→ What you need to do: Retype the data that follows line by line, exactly, and leave its pictures out.

→ Saved data entries:
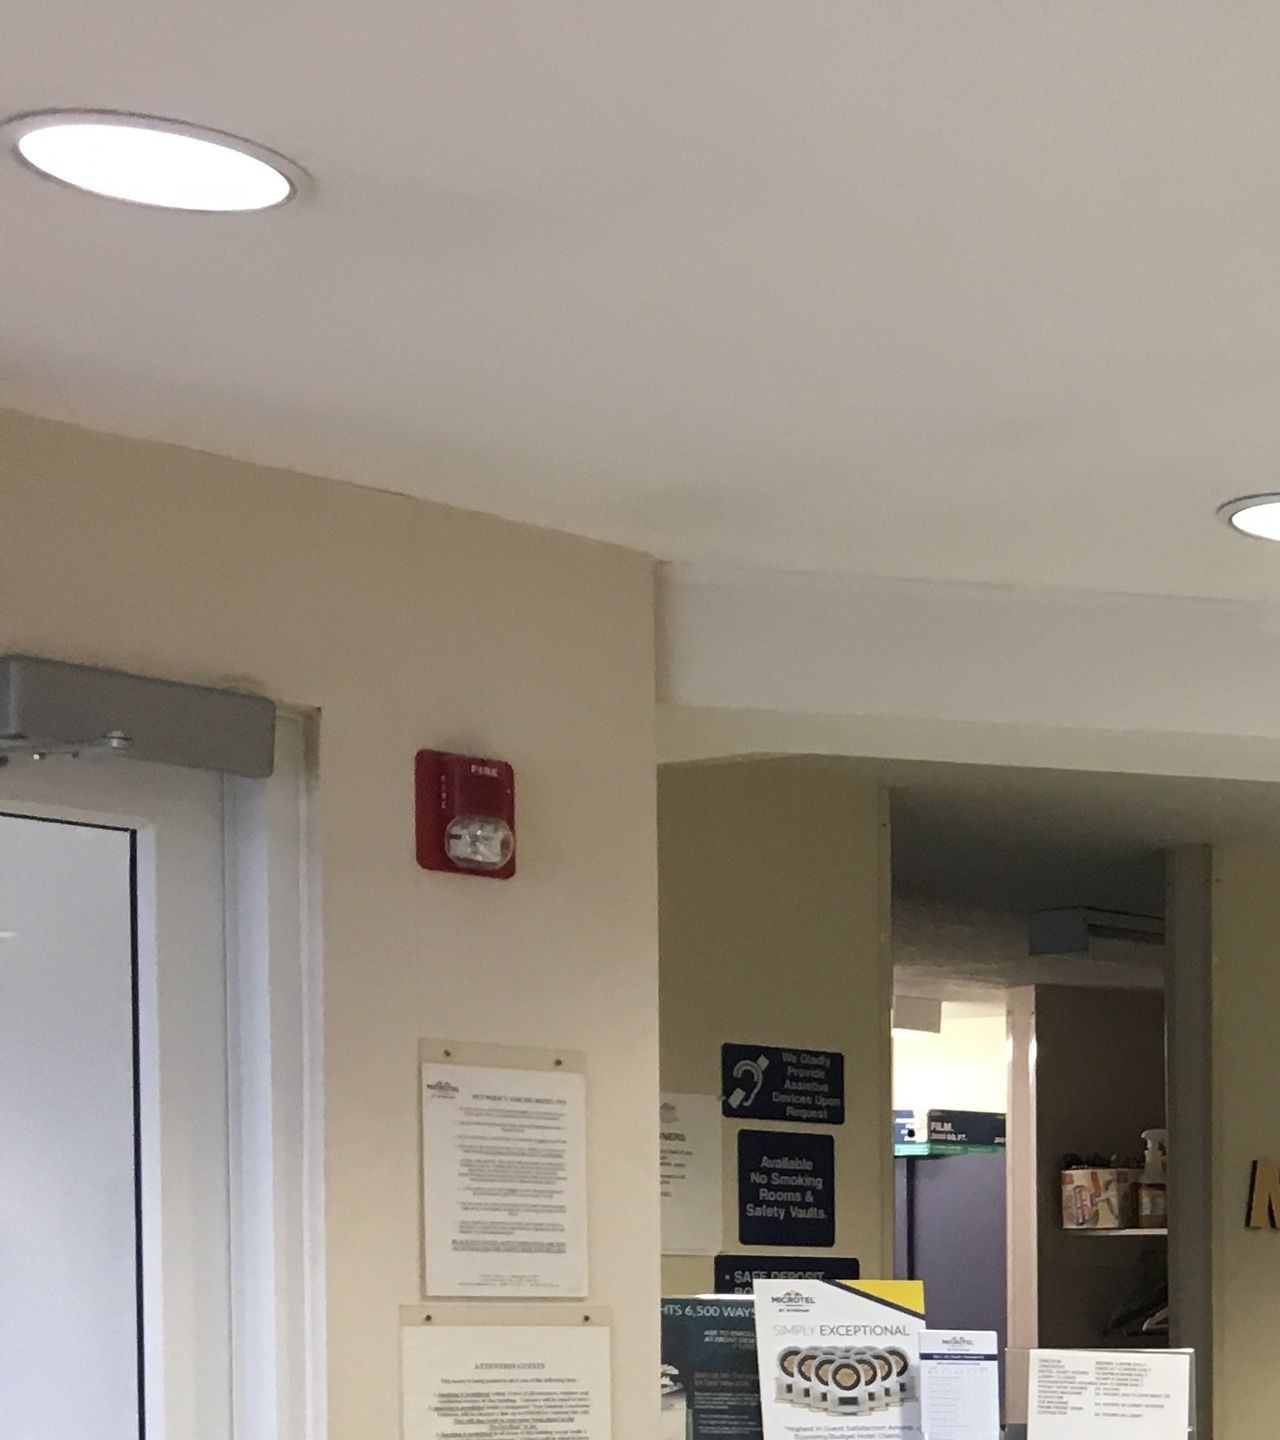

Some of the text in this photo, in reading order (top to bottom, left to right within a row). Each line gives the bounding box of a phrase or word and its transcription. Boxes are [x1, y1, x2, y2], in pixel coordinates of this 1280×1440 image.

[471, 764, 498, 777] FIRE
[760, 1156, 814, 1170] Available
[750, 1172, 823, 1190] No Smoking
[759, 1188, 814, 1203] Rooms &
[746, 1204, 786, 1220] Safety
[771, 1296, 816, 1304] MICROTEL
[685, 1305, 720, 1318] 6,500
[772, 1324, 911, 1337] SIMPLY EXCEPTIONAL

→ Task answer:
Some of the text in this photo, in reading order (top to bottom, left to right within a row). Each line gives the bounding box of a phrase or word and its transcription. Boxes are [x1, y1, x2, y2], in pixel coordinates of this 1280×1440 image.

[471, 764, 498, 777] FIRE
[760, 1156, 814, 1170] Available
[750, 1172, 823, 1190] No Smoking
[759, 1188, 814, 1203] Rooms &
[746, 1204, 786, 1220] Safety
[771, 1296, 816, 1304] MICROTEL
[685, 1305, 720, 1318] 6,500
[772, 1324, 911, 1337] SIMPLY EXCEPTIONAL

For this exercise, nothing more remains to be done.